$150 Million Affiliation Gives United Methodist, Porter Hills Capacity to Expand

Two of Michigan’s top-rated senior living groups finalized a new affiliation last Friday, forming the third-largest nonprofit senior living owner-operator in the state.

The affiliation between United Methodist Retirement Communities (UMRC) and Porter Hills Presbyterian Village creates a combined $150 million organization with 13 communities across lower Michigan, serving more than 6,700 residents and employing 1,300 people in 22 counties. The two groups announced they were first exploring an affiliation agreement last August.

UMRC and Porter Hills will continue to operate as independent brands but will have a streamlined executive team and shared governance supporting both groups, interim CEO Stephen Fetyko told Senior Housing News. John Thorhauer will serve as interim president and chief strategy officer.

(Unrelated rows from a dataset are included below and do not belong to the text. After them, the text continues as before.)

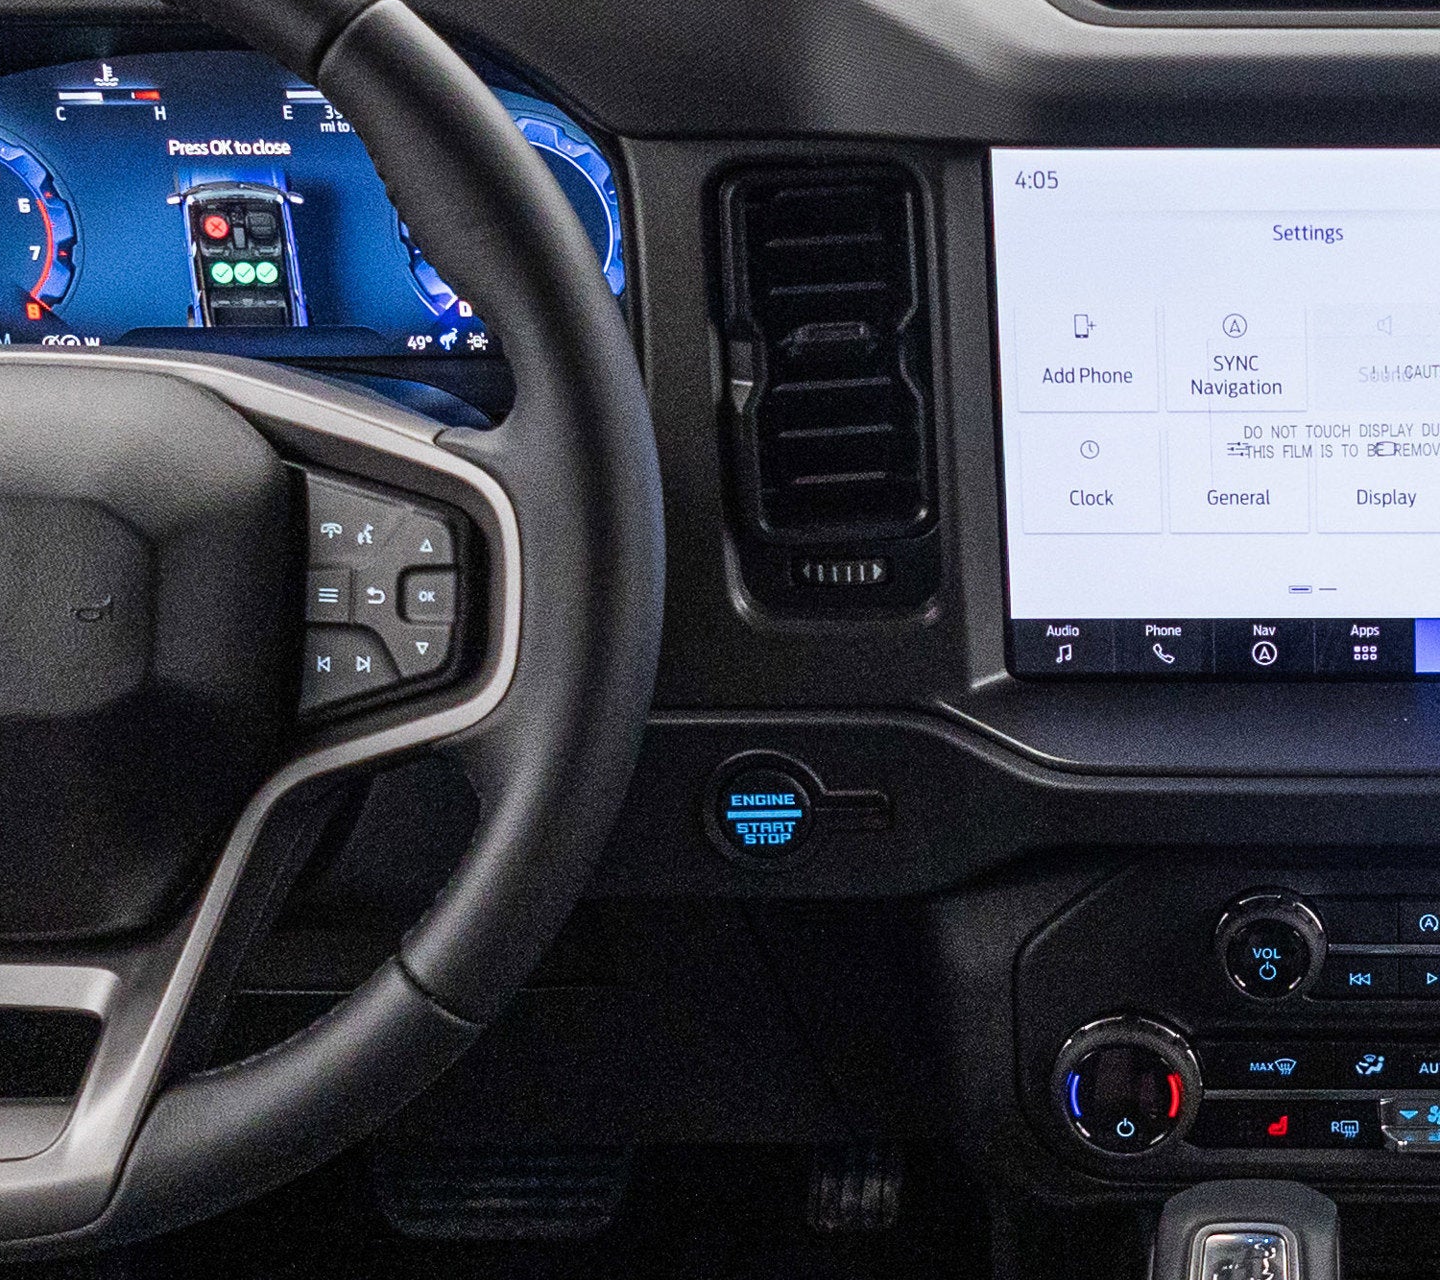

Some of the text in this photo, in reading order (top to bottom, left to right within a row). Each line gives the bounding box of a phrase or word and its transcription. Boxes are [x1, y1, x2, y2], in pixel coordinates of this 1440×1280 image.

[153, 105, 167, 121] H
[282, 104, 294, 121] E
[168, 139, 292, 156] Press OK to close
[1014, 170, 1059, 190] 4:05
[18, 198, 31, 213] 6
[1272, 224, 1344, 245] Settings
[29, 245, 41, 261] 7
[26, 302, 42, 321] 8
[407, 334, 433, 350] 49°
[1213, 354, 1259, 372] SYNC
[1042, 366, 1134, 384] Add Phone
[1190, 378, 1283, 399] Navigation
[1244, 426, 1263, 439] DO
[1271, 425, 1297, 439] NOT
[1306, 424, 1351, 439] TOUCH
[1359, 424, 1414, 438] DISPLAY
[1283, 445, 1312, 458] FILM
[1321, 445, 1333, 457] IS
[1343, 444, 1359, 457] TO
[1069, 489, 1114, 507] Clock
[1206, 488, 1271, 506] General
[1356, 488, 1417, 508] Display
[417, 590, 436, 603] OK
[1045, 624, 1080, 637] Audio
[1144, 624, 1182, 637] Phone
[1252, 624, 1277, 643] Nav
[1349, 623, 1381, 638] Apps
[729, 792, 798, 808] ENGINE
[736, 821, 796, 833] START
[744, 833, 792, 845] STOP
[1251, 947, 1281, 960] VOL
[1249, 1062, 1274, 1071] MAX

A search for a permanent president and CEO is underway. The role is expected to be filled by August, Fetyko said.

An affiliation of equals

What makes the UMRC-Porter Hills affiliation unique is it is one between two groups of similar size, acuity range and operations, Fetyko said.

“This is the only instance where a larger system is not bringing on board a smaller one,” he said. “We’re equals.”


And Thorhauer emphasized what this means in terms of scale, now that the two groups are combined.

“As far as we know, this is the largest nonprofit affiliation in Michigan history,” Thorhauer said.

UMRC and Porter Hills will share executive leadership such as chief strategy officer, chief financial officer, marketing, operations and human resources teams. Naming those executives will be easier than in other affiliations, Fetyko said. Porter Hills’ executive team members were already serving on an interim basis, allowing the two companies to streamline with minimal stress.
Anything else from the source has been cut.